Adult Friendships – Make New Friends But Keep the Old


I mentioned in a previous post that I recently hooked up with a very dear, almost life-long friend. My friend and I met as freshmen in high school.  We took classes together, partied together, traveled together and even lived together (rather peacefully, in fact) in an apartment until I lost my job and had to relocate to South Carolina for a new job. My friend visited me in South Carolina, was in my wedding and visited me in the hospital when I had my first baby.  When my husband worked nights and weekends while my first-born was young, she kept me company and provided much-needed “adult” conversation.

Then my husband’s schedule changed and he was home at night and on the weekends.  I had another baby.  then dance lessons, soccer practice, life as a wife and mom took over.  Meanwhile, my friend advanced in her career and started traveling the globe on incentive trips.  She even invited me to go on one with her — all expenses paid for a week in Scotland.  I really wanted to go, but my “babies” were 6 and 3, and I couldn’t bear to leave them for that long.

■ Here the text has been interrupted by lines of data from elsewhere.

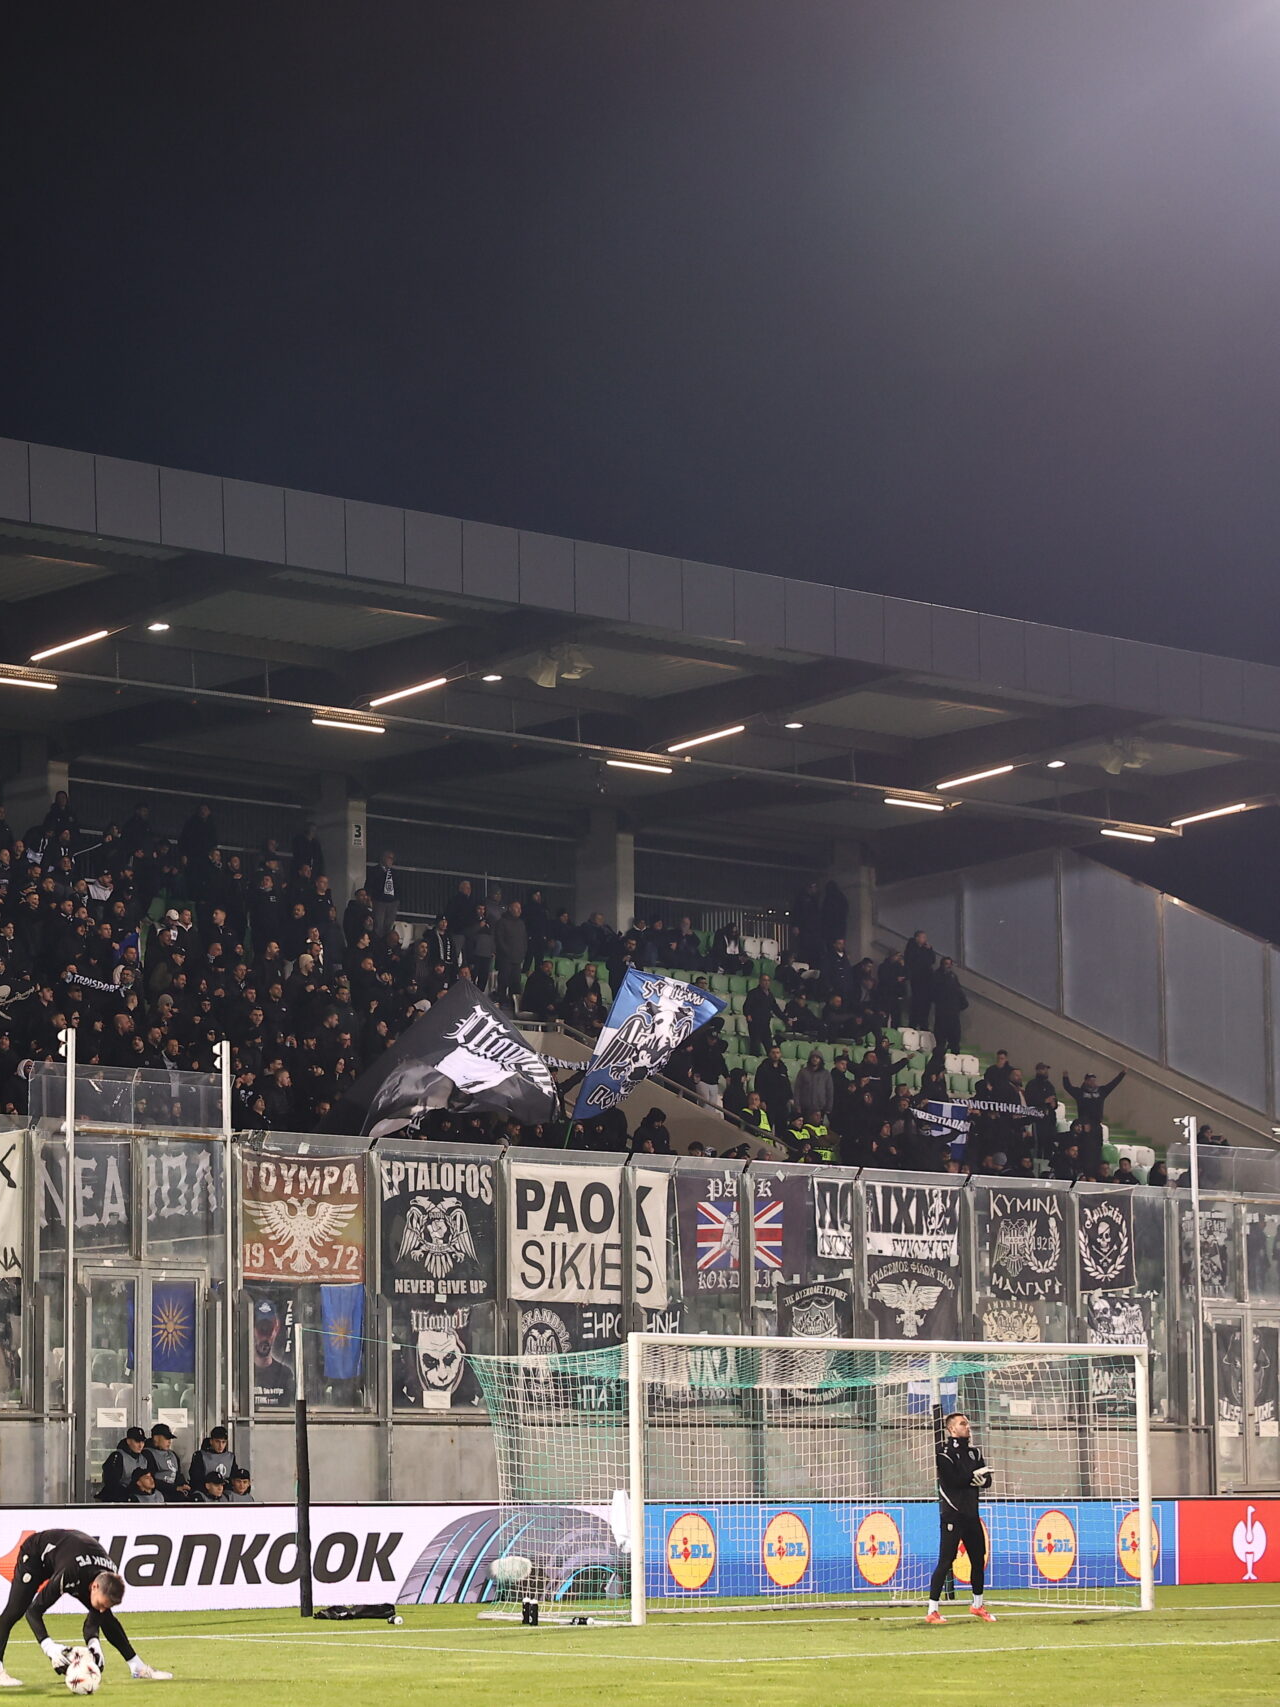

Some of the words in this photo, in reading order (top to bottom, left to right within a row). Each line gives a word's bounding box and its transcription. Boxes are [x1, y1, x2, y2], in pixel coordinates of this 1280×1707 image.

[354, 824, 362, 838] 3
[381, 1160, 493, 1206] EPTALOFOS
[705, 1178, 773, 1201] PAK
[515, 1178, 652, 1238] PAOK
[245, 1243, 265, 1268] 19
[332, 1244, 359, 1271] 72
[520, 1239, 654, 1295] SIKIES
[394, 1279, 435, 1294] NEVER
[438, 1279, 467, 1294] GIVE
[470, 1279, 488, 1294] UP
[697, 1269, 771, 1291] KORDLI
[937, 1271, 955, 1290] ΠΑΟ
[582, 1310, 681, 1340] ΞΗΡΟΗΝΗ
[670, 1536, 712, 1562] LIDL
[766, 1535, 806, 1560] LIDL
[858, 1534, 898, 1558] LIDL
[1036, 1532, 1073, 1555] LIDL
[1121, 1531, 1156, 1554] LI

We made the effort to get together several times a year, then once or twice a year.  Eventually, we got to the point where we’d only see each other once a year.  We’d lament this fact every time we’d hook up because we always had so much fun.  We laugh about old memories and how no matter how much time passes, we’re still basically the same people.  We were both raised by cops, thus we’re both terrible cynics.  (really, NOTHING good happens after midnight!) We agree on things like crime and punishment. We both love strappy sandals, but think you MUST have painted toenails to wear strappy sandals. You know — all the important stuff.

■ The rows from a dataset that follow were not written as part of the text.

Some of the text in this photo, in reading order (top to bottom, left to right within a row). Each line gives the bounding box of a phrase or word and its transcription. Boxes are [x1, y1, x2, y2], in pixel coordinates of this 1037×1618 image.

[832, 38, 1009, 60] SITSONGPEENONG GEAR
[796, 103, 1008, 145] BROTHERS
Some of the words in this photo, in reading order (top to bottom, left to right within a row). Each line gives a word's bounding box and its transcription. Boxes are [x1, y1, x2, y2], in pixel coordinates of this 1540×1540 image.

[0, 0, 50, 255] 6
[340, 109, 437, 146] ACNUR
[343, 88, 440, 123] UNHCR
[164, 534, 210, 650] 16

I used to get upset that we didn’t see each other more often, and my friend would console me by saying that her mom told her this would happen. She said that friends “drift” some during the  childbearing/childrearing years, particularly if they don’t both go through those years at the same time.  Her mom said that you get so busy during those years that the only friends you have time for are the ones who have kids the same ages as yours and/or kids who are involved in the same activities.  But, her mom concluded (all of this from experience) that once you get those kids raised, you gravitate back to those “old” friends because “they knew you when” — and there is simply no replacement for that intimate knowledge.

As my friend and I sat at the water park and watched my baby play, I came to the conclusion that her mom’s predictions will prove to be true.  In the meantime, we’ll cherish these few get-togethers and do what we always do.  We laughed at some of the antics of our youth, and my friend promised to pray that my own children don’t try half the stuff we tried. We laughed even harder at the minor (and sometimes not so minor) dysfunctions in our families of origin. We talked about whether she might ever get married, and if not, will she try to have a baby without a husband.  She shared her exciting stories of global travel with me, and I shared stories of being a mom to a teenager, a pre-teen and baby all at once. And we talked about those years in the future when we can get together more often, maybe even travel together again.

I’m very thankful that we make the effort to stay in touch, even if our encounters are few and far between.  I know I’ll be glad when I’m old and she and I are attending Red Hat Ladies luncheons, or we’re sunning our wrinkled old bodies on a beach somewhere.

UPDATE May 9, 2015

Awesome morning exercising with one of my bestie’s since high 10258681_10152908937665488_3637393969448378393_nschool, Jan Wadsack . But the BEST part? The trip down memory lane! As we were leaving, she was following me because we were trying to find a place to have coffee near Creve Coeur Park. And this was in the rearview mirror because of Jan’s expired plates, of which she was unaware. It has been AGES — like 30 years — since these two daughters of police officers were pulled over together. Being that our dads, and Jan’s uncle, all wore the badge, we could not go ANYWHERE without some police officer keeping an eye on us. One officer in particular pulled us over regularly just to harass us. I wish I had thought to ask the officer today to pose with us for a photo with his lights a-blazing. Another bonus — he didn’t give Jan a ticket!